DATA FOR THIS EXERCISE: Begin

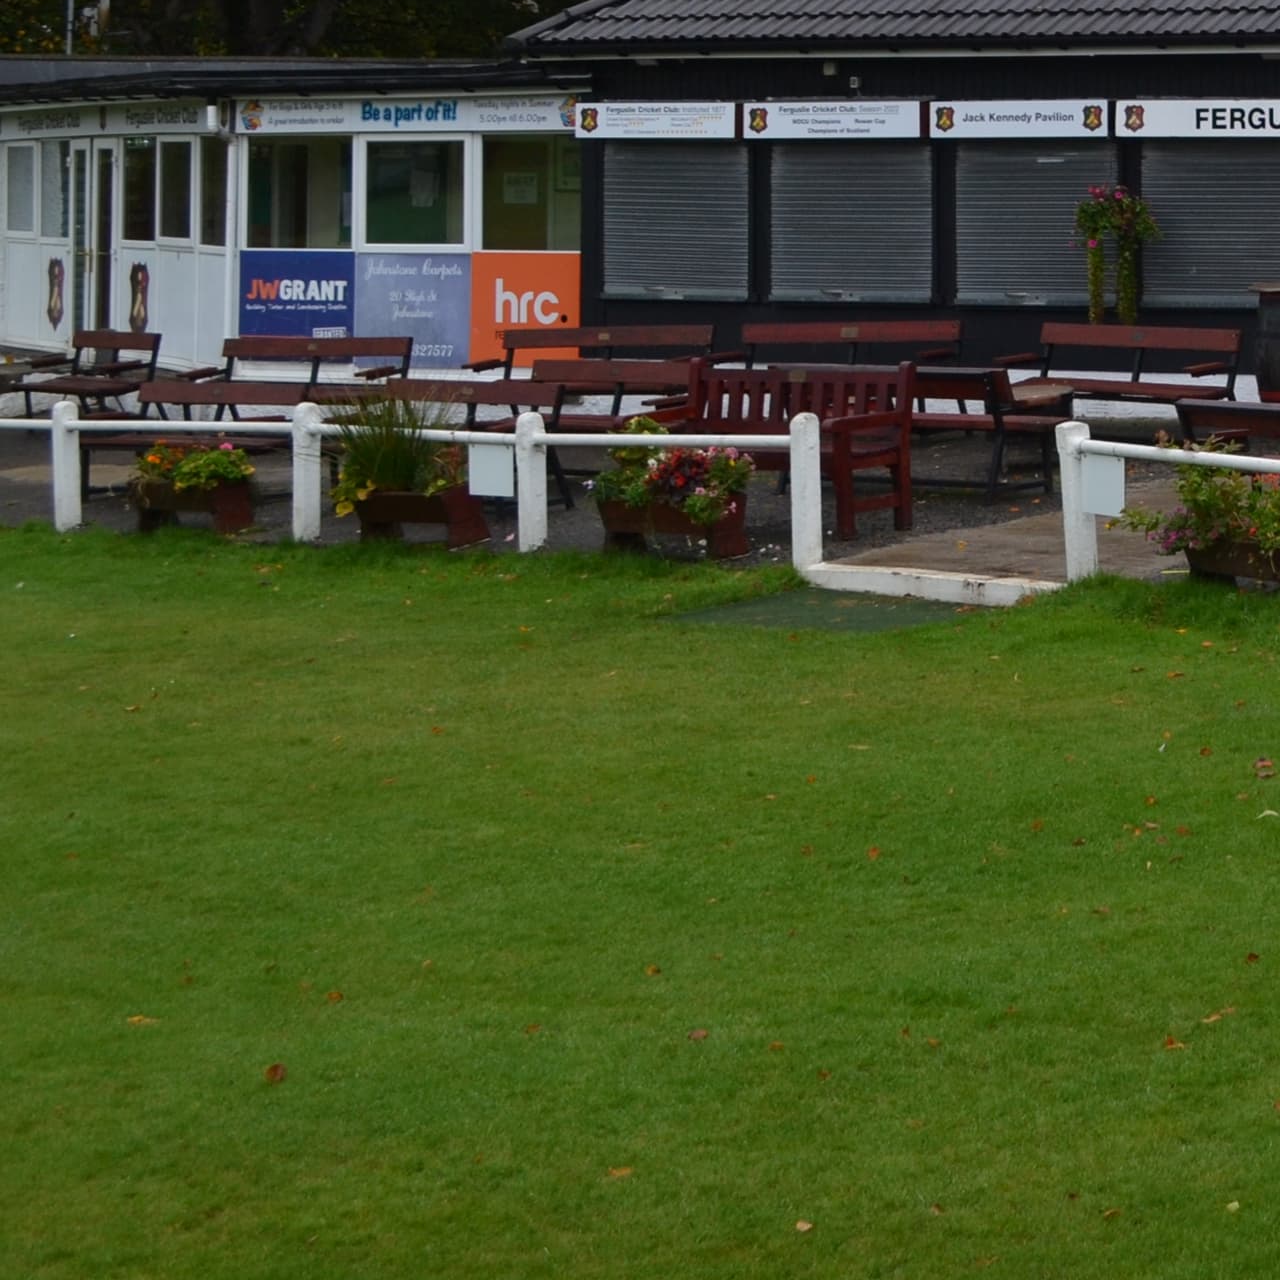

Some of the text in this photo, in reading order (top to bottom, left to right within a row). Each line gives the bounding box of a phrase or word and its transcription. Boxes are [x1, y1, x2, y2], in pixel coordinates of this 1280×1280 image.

[361, 100, 381, 120] Be
[383, 108, 392, 120] a
[394, 102, 422, 127] part
[425, 99, 442, 120] of
[962, 111, 1075, 124] Jack Kennedy Pavilion
[364, 257, 463, 280] Johnstone Carpets
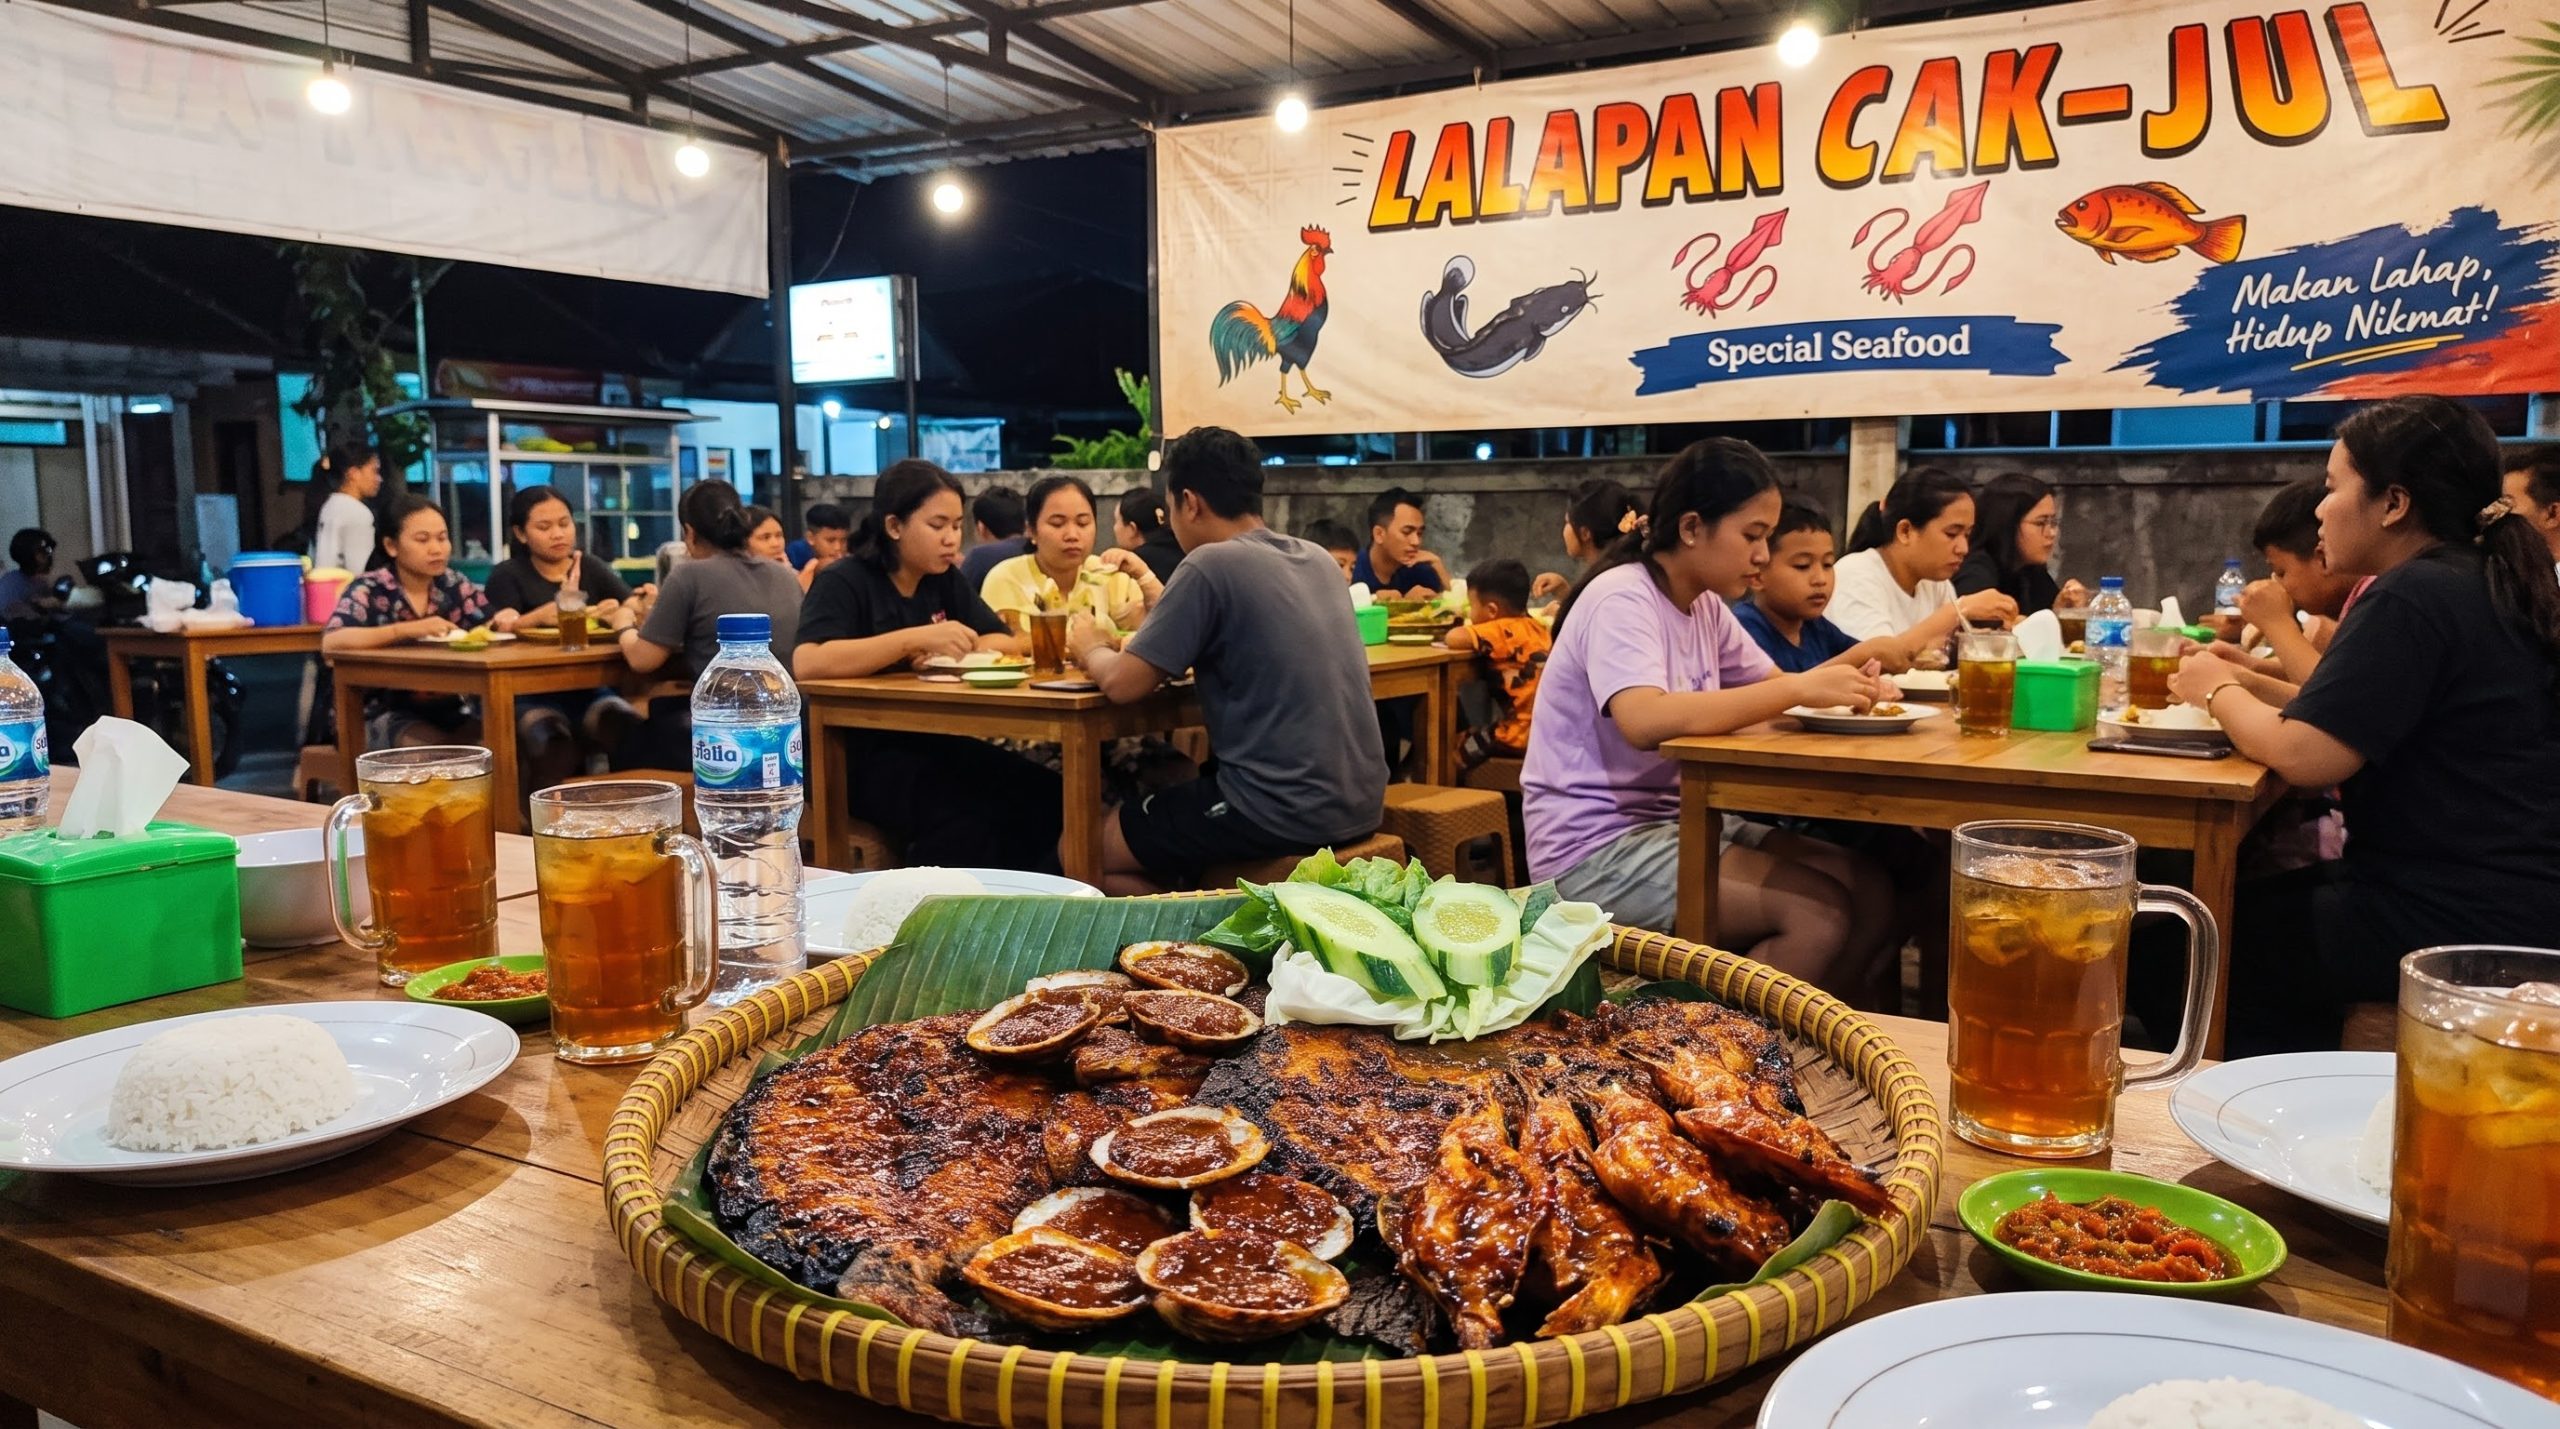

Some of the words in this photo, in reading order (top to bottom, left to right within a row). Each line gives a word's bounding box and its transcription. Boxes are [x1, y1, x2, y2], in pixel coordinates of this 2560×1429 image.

[1368, 81, 1783, 232] LALAPAN
[1815, 1, 2450, 190] CAK-JUL
[2231, 266, 2359, 314] Makan
[2370, 248, 2492, 297] Lahap,
[1708, 331, 1823, 373] Special
[1831, 324, 1971, 361] Seafood
[2226, 314, 2332, 359] Hidup
[2345, 284, 2499, 341] Nikmat!
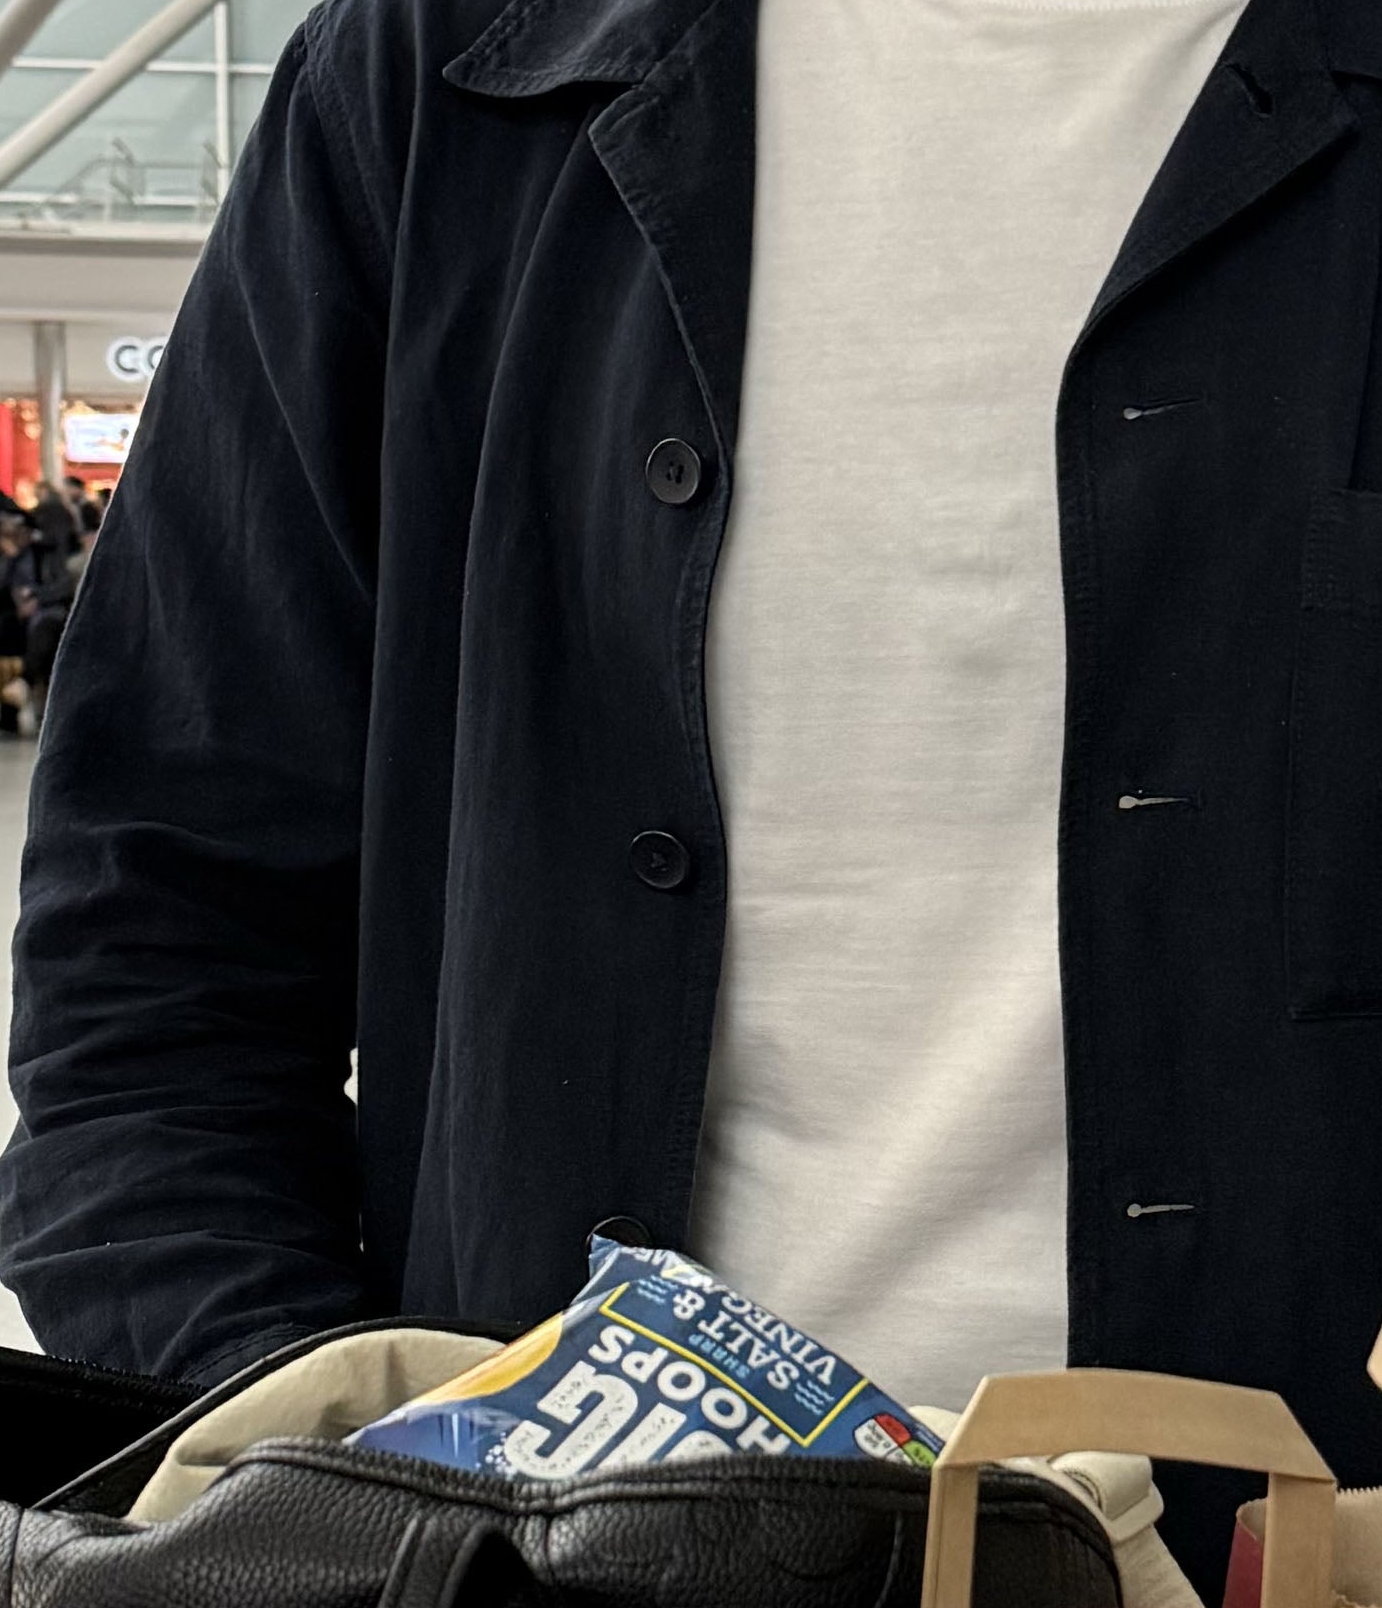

DATA FOR THIS EXERCISE: End

PROBLEM DETAILS ::
Without the pictures, copy out all the records above exactly.

OUTPUT FOR THIS EXERCISE ::
Some of the text in this photo, in reading order (top to bottom, left to right within a row). Each line gives the bounding box of a phrase or word and its transcription. Boxes are [x1, y1, x2, y2], in pixel coordinates of this 1280×1280 image.

[361, 100, 381, 120] Be
[383, 108, 392, 120] a
[394, 102, 422, 127] part
[425, 99, 442, 120] of
[962, 111, 1075, 124] Jack Kennedy Pavilion
[364, 257, 463, 280] Johnstone Carpets

Some of the words in this photo, in reading order (top to bottom, left to right within a row). Each line gives a word's bounding box and its transcription. Boxes are [x1, y1, x2, y2], in pixel coordinates of this 2560×1429 image.

[1368, 81, 1783, 232] LALAPAN
[1815, 1, 2450, 190] CAK-JUL
[2231, 266, 2359, 314] Makan
[2370, 248, 2492, 297] Lahap,
[1708, 331, 1823, 373] Special
[1831, 324, 1971, 361] Seafood
[2226, 314, 2332, 359] Hidup
[2345, 284, 2499, 341] Nikmat!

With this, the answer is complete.